** INSTRUCTIONS FOR THE TASK **
The records that follow must be repeated exactly, except for their pictures.
- Opening Delimiter -
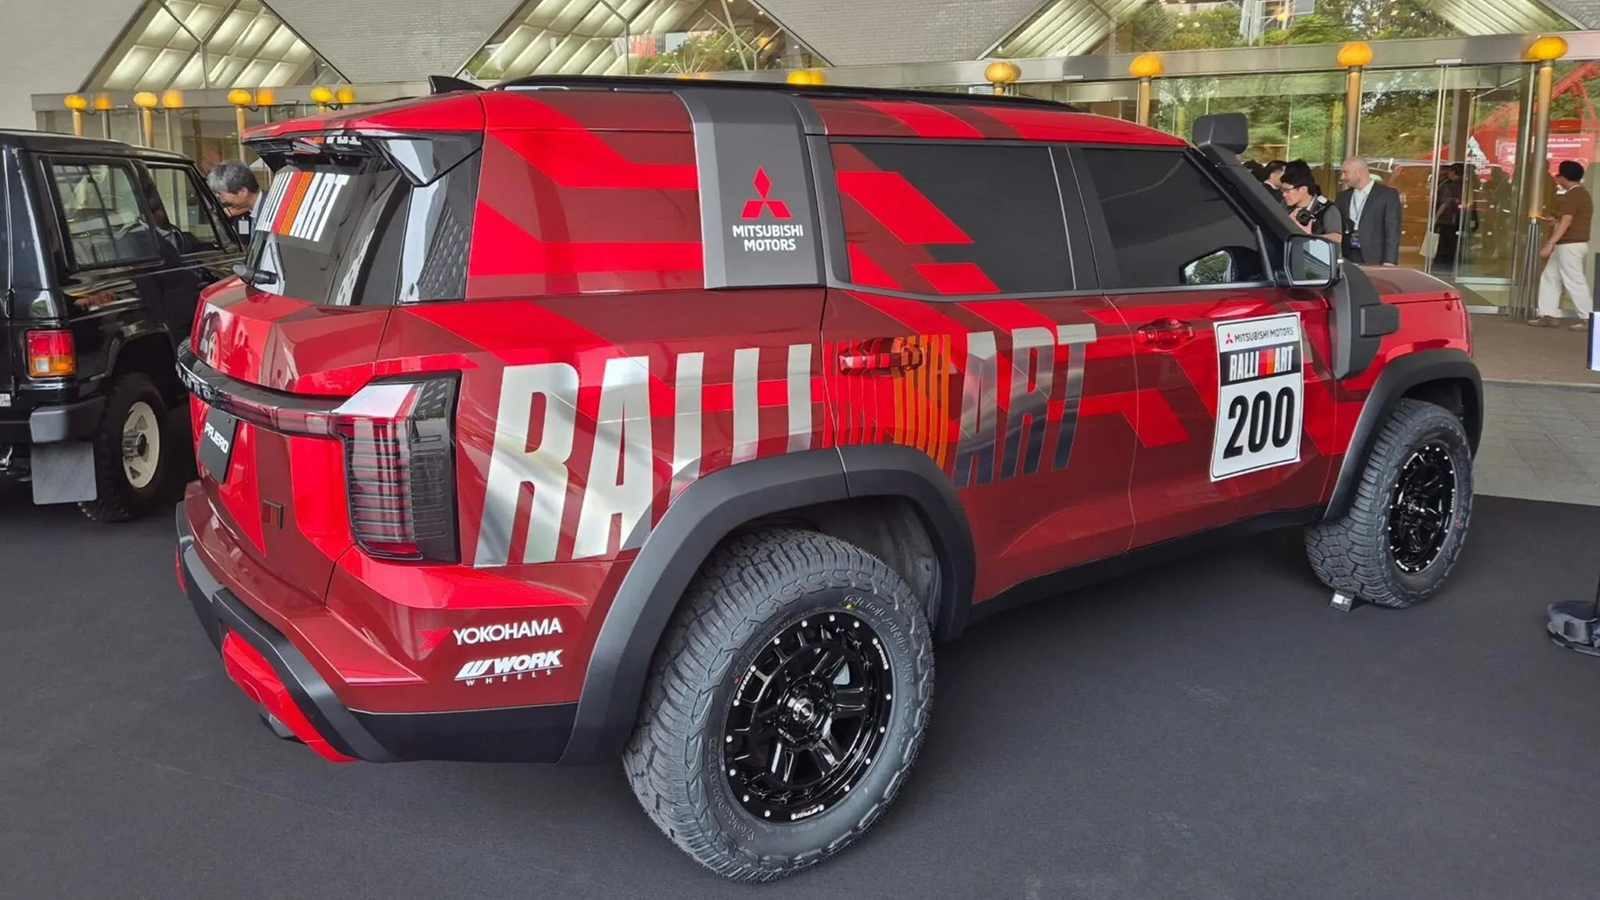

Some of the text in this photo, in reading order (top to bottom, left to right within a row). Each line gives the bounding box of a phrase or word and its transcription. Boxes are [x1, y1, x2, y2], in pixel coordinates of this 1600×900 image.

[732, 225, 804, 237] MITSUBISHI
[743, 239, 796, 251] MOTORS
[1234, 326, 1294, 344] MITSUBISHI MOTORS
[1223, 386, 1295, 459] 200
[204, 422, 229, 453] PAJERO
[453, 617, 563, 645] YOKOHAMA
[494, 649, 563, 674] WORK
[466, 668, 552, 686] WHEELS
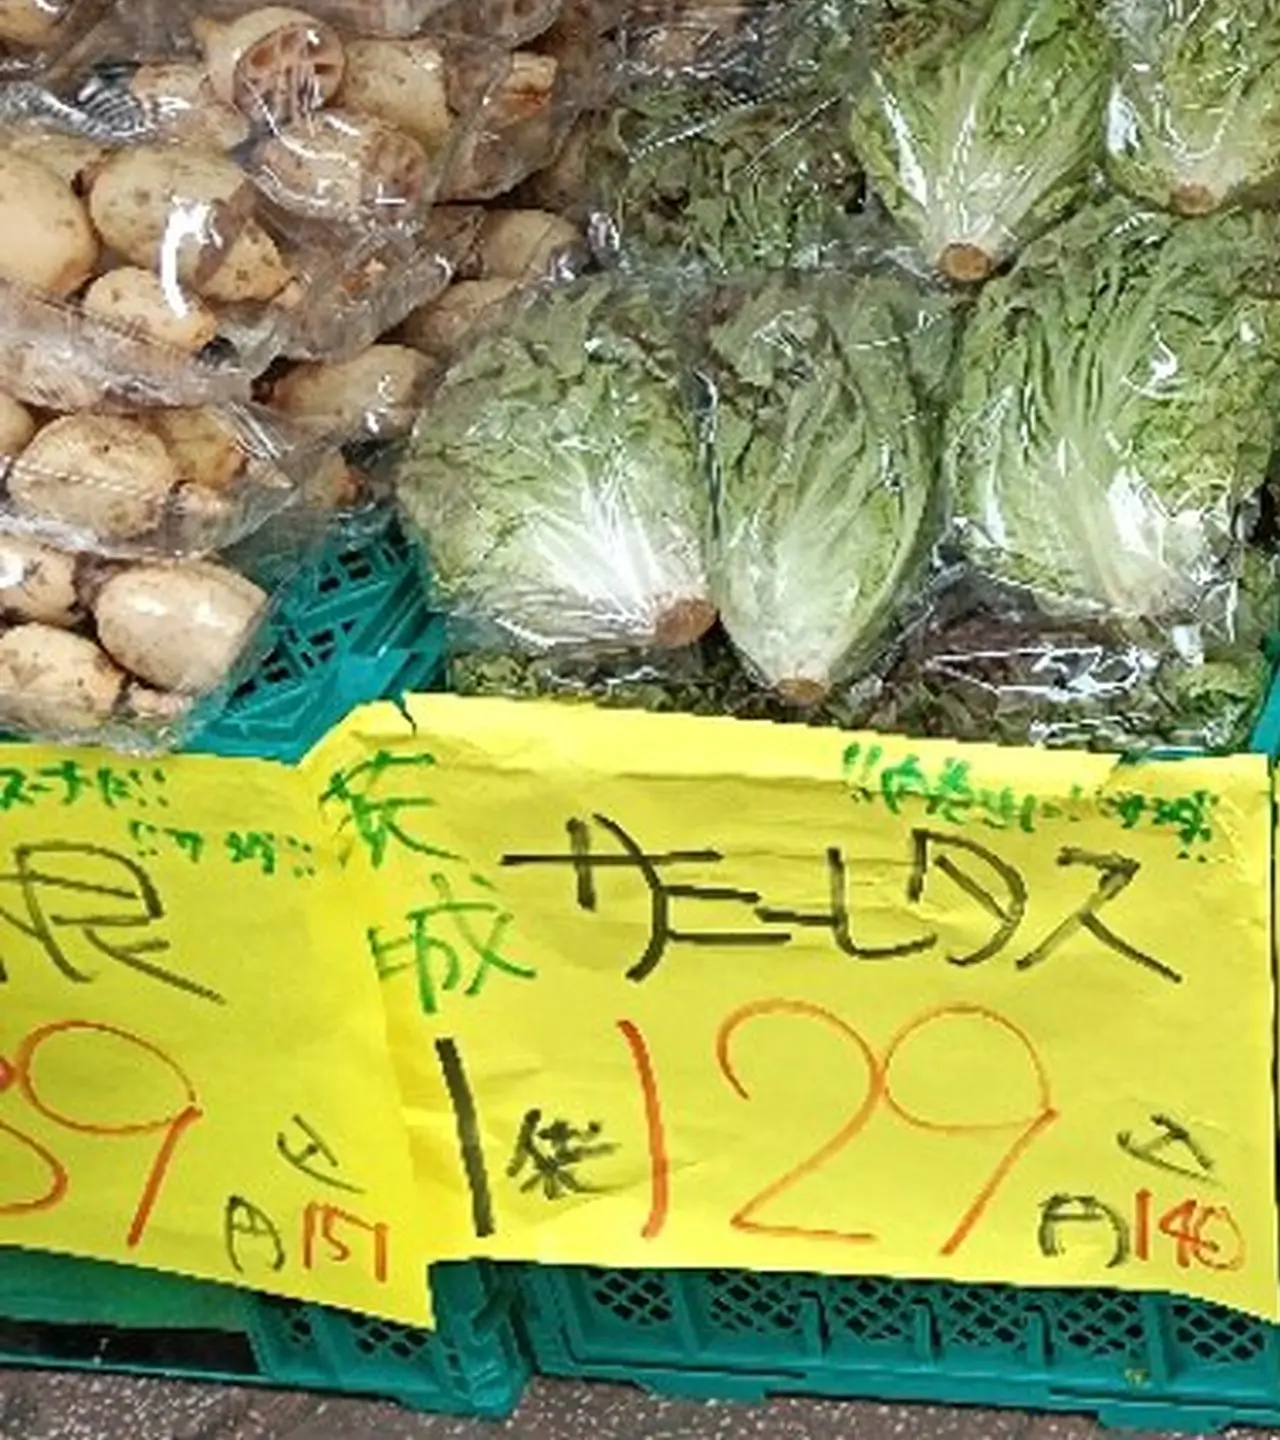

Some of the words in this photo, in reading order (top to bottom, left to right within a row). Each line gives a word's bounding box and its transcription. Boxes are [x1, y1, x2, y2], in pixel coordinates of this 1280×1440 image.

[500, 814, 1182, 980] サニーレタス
- Closing Delimiter -
** WRITTEN RESPONSE **
Some of the text in this photo, in reading order (top to bottom, left to right within a row). Each line gives the bounding box of a phrase or word and its transcription. Boxes are [x1, y1, x2, y2], in pixel coordinates of this 1600×900 image.

[732, 225, 804, 237] MITSUBISHI
[743, 239, 796, 251] MOTORS
[1234, 326, 1294, 344] MITSUBISHI MOTORS
[1223, 386, 1295, 459] 200
[204, 422, 229, 453] PAJERO
[453, 617, 563, 645] YOKOHAMA
[494, 649, 563, 674] WORK
[466, 668, 552, 686] WHEELS

Some of the words in this photo, in reading order (top to bottom, left to right within a row). Each line gives a word's bounding box and its transcription. Boxes are [x1, y1, x2, y2], in pixel coordinates of this 1280×1440 image.

[500, 814, 1182, 980] サニーレタス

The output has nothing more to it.